**TASK DESCRIPTION:**
Transcribe every record verbatim.

Start of Block

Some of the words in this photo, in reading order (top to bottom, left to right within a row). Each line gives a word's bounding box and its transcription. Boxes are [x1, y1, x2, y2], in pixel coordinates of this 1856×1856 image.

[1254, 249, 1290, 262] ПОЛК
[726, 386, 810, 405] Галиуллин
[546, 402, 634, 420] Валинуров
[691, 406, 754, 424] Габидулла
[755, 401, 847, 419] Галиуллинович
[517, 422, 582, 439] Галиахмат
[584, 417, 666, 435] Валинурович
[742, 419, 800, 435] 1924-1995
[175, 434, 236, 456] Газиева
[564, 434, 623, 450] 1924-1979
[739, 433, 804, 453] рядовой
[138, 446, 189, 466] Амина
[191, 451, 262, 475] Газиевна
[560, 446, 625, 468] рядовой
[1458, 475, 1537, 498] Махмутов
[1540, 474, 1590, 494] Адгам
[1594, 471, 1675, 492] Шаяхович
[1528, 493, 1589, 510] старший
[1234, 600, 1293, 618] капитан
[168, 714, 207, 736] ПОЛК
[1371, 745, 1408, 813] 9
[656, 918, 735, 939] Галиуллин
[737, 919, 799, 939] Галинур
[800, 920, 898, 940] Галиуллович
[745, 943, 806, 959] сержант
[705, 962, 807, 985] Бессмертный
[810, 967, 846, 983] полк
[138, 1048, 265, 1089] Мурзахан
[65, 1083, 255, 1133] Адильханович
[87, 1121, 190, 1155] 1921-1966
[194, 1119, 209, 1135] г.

End of Block

**SOLUTION:**
Some of the words in this photo, in reading order (top to bottom, left to right within a row). Each line gives a word's bounding box and its transcription. Boxes are [x1, y1, x2, y2], in pixel coordinates of this 1856×1856 image.

[1254, 249, 1290, 262] ПОЛК
[726, 386, 810, 405] Галиуллин
[546, 402, 634, 420] Валинуров
[691, 406, 754, 424] Габидулла
[755, 401, 847, 419] Галиуллинович
[517, 422, 582, 439] Галиахмат
[584, 417, 666, 435] Валинурович
[742, 419, 800, 435] 1924-1995
[175, 434, 236, 456] Газиева
[564, 434, 623, 450] 1924-1979
[739, 433, 804, 453] рядовой
[138, 446, 189, 466] Амина
[191, 451, 262, 475] Газиевна
[560, 446, 625, 468] рядовой
[1458, 475, 1537, 498] Махмутов
[1540, 474, 1590, 494] Адгам
[1594, 471, 1675, 492] Шаяхович
[1528, 493, 1589, 510] старший
[1234, 600, 1293, 618] капитан
[168, 714, 207, 736] ПОЛК
[1371, 745, 1408, 813] 9
[656, 918, 735, 939] Галиуллин
[737, 919, 799, 939] Галинур
[800, 920, 898, 940] Галиуллович
[745, 943, 806, 959] сержант
[705, 962, 807, 985] Бессмертный
[810, 967, 846, 983] полк
[138, 1048, 265, 1089] Мурзахан
[65, 1083, 255, 1133] Адильханович
[87, 1121, 190, 1155] 1921-1966
[194, 1119, 209, 1135] г.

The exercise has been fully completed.